Jornal: dono da JBS gravou aval de Temer para subornar Cunha

Jornal: dono da JBS gravou aval de Temer para subornar Cunha

Os irmãos Joesley e Wesley Batista, donos da JBS, contaram ao ministro Edson Fachin, do Supremo Tribunal Federal (STF), que gravaram o presidente Michel Temer dando aval para a compra do silêncio do deputado cassado Eduardo Cunha, segundo reportagem de Lauro Jardim, em "O Globo" .

Os empresários fizeram uma delação premiada - ainda não homologada por Fachin - na qual comprometem não apenas o chefe de Estado, mas também o senador tucano Aécio Neves e o ex-ministro petista da Fazendo Guido Mantega.

Segundo o jornal "O Globo", Temer ouviu de Joesley que Cunha e o doleiro Lúcio Funaro estavam recebendo uma mesada na prisão para "ficarem calados". "Tem que manter isso, viu", teria sido a resposta de Temer.

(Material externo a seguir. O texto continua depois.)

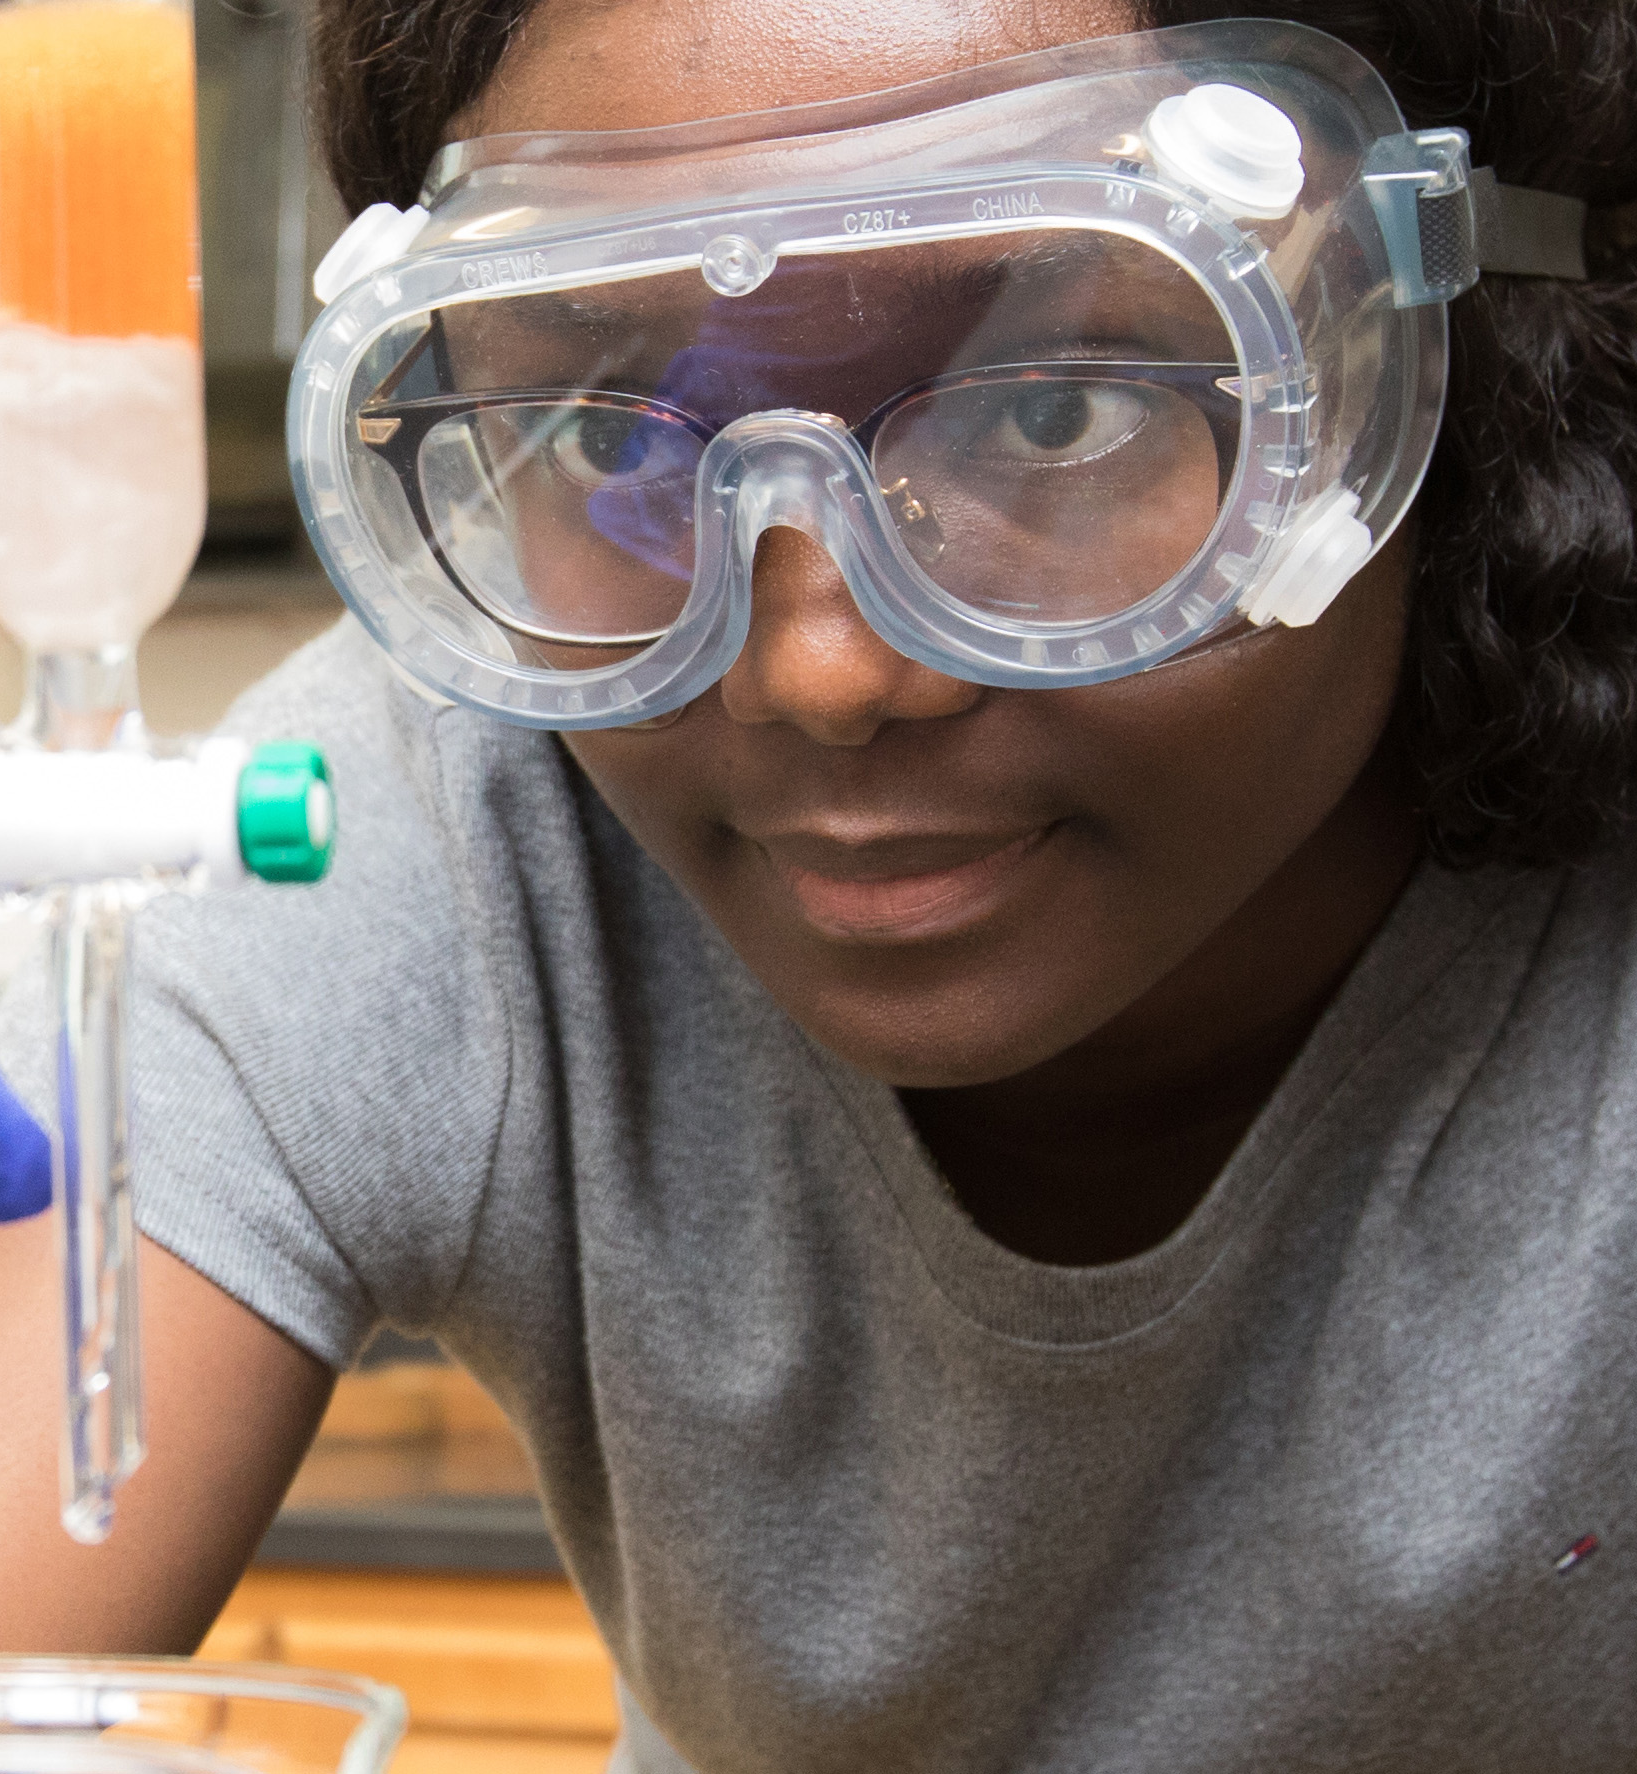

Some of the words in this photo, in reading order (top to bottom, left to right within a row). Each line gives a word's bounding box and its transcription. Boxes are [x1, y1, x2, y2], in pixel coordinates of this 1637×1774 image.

[843, 209, 911, 234] CZ87+
[972, 191, 1045, 220] CHINA
[461, 252, 549, 289] CREWS

No mesmo diálogo, o presidente teria indicado o deputado peemedebista Rodrigo Rocha Loures para resolver um assunto da holding J&F, controladora da JBS, no governo. Mais tarde, Loures foi filmado pela Polícia Federal recebendo de Joesley uma mala com R$ 500 mil.

As revelações podem causar um terremoto em Brasília e comprometer ainda mais um presidente que já tem baixíssimos índices de popularidade e vem enfrentando batalhas no Congresso para aprovar suas reformas.

A matéria d'O Globo diz que o diálogo ocorreu em março deste ano, no Palácio do Jaburu, em meio às fases mais agudas da Operação Lava Jato - Joesley registrou a conversa por meio de um gravador escondido.

Após a detenção de Cunha, Joesley disse ter dado a ele R$ 5 milhões referentes a um "saldo de propina". O empresário ainda deveria R$ 20 milhões ao peemedebista.

Poucos minutos após a divulgação do teor das delações, o deputado Alessandro Molon, da Rede, protocolou um pedido de impeachment de Temer, de acordo com o jornalista Mauro Tagliaferri, da "Rede TV".